Buenos Aires, (NA)- El presidente Néstor Kirchner afirmó ayer que la mortalidad infantil «ha descendido el 12 por ciento» en el país, y sostuvo que Argentina «ha empezado a dar buenos frutos en esa batalla». Pese a ello, aseguró que aún «impresiona la pobreza que hay en el país».
El Presidente se pronunció de esa manera, al encabezar el acto por el Día Mundial de la Salud, junto al ministro de Salud de la Nación, Ginés González García. Allí, el presidente dijo además: «estamos por la vida, defendemos la vida y protegemos la vida».
Kirchner, en otro pasaje de su discurso, ofrecido en el Salón Blanco de la Casa de Gobierno, en presencia del jefe del Gobierno porteño, Aníbal Ibarra, sostuvo que el Estado «debe mantener un rol articulador y regulador» en materia sanitaria.
Además, consideró que se deben ir «sumando los esfuerzos de los sectores públicos nacionales, provinciales y privados de obras sociales para generar accesibilidad a las prestaciones médicas y a los medicamentos a toda la población».

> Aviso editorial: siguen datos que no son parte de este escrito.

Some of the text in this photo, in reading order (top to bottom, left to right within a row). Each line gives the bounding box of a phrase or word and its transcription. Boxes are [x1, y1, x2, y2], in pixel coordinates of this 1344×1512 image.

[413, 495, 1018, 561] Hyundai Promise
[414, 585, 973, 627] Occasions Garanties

Al anunciar el descenso del índice de mortalidad infantil, Kirchner precisó que «mil pequeños argentinos hoy están entre nosotros gracias al esfuerzo de todos», y destacó que «es una reducción que no registra antecedentes en los últimos 20 años y nos muestra que cuando hay consensos intrasectoriales, planificación, estrategia y voluntad política, se puede mejorar y aliviar la situación del pueblo».

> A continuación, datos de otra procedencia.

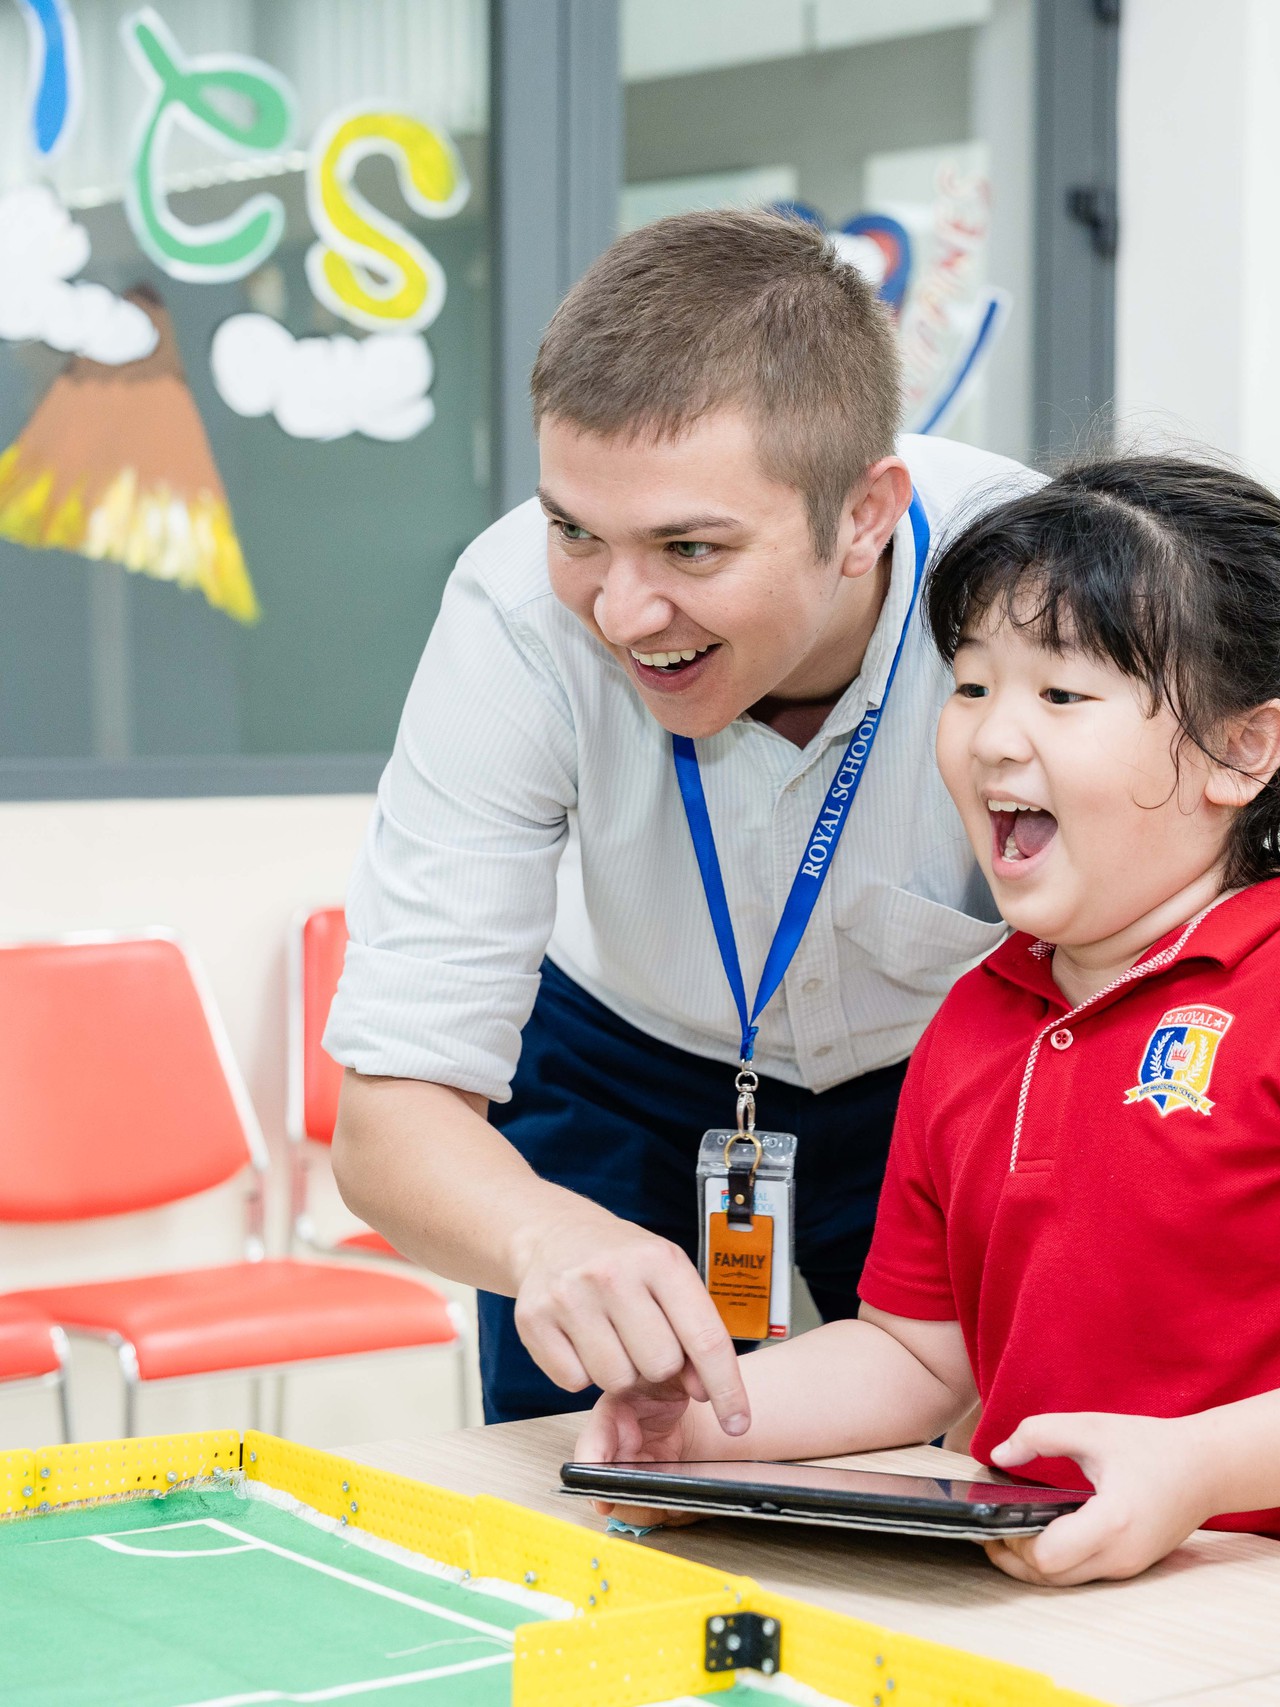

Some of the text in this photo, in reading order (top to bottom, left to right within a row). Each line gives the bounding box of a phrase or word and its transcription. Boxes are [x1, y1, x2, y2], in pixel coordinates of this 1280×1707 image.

[801, 711, 880, 879] ROYAL SCHOOL
[1174, 1011, 1214, 1027] ROYAL
[713, 1252, 766, 1269] FAMILY

Seguidamente, expresó que «el tema de la salud pública debe ser una meta clara y concreta de todos los argentinos, pero de la salud pública dedicada clara y concretamente a beneficiar globalmente a la atención del conjunto del pueblo argentino».
Por su parte, González García destacó que «el año pasado se logró evitar la muerte de más de mil menores de un año en todo el país, lo que constituyó el descenso más significativo de la mortalidad infantil».
De todos modos, aseguró que disminuir los índices de mortalidad infantil «es siempre un objetivo inconcluso, una utopía a realizar, un deber que tenemos todos los argentinos», para resolver «una de las más graves inequidades que tiene nuestro país».
El lema de este año por el Día Mundial de la Salud es «Cada mujer y cada niño cuentan», por lo que el Gobierno convocó a redoblar el compromiso de todos los sectores a cuidar de la salud de las madres y niños del país.
Durante el acto, se entregaron certificados de reconocimiento especial a cuatro figuras que representan a diversos sectores del ámbito de la salud, por lo que fueron distinguidos el director del Hospital Dr. Avellaneda de Tucumán, Oscar Rogiero; y el profesor emérito de la UBA y miembro de la Academia Nacional de Medicina, Abraham Sonis, entre otros.
La conmemoración por el Día Internacional de la Salud contó con la presencia del gobernador Jorge Obeid; el jefe de Gobierno de la Ciudad de Buenos Aires, y los ministros del Interior, Aníbal Fernández, y de Desarrollo Social, Alicia Kirchner, entre otros.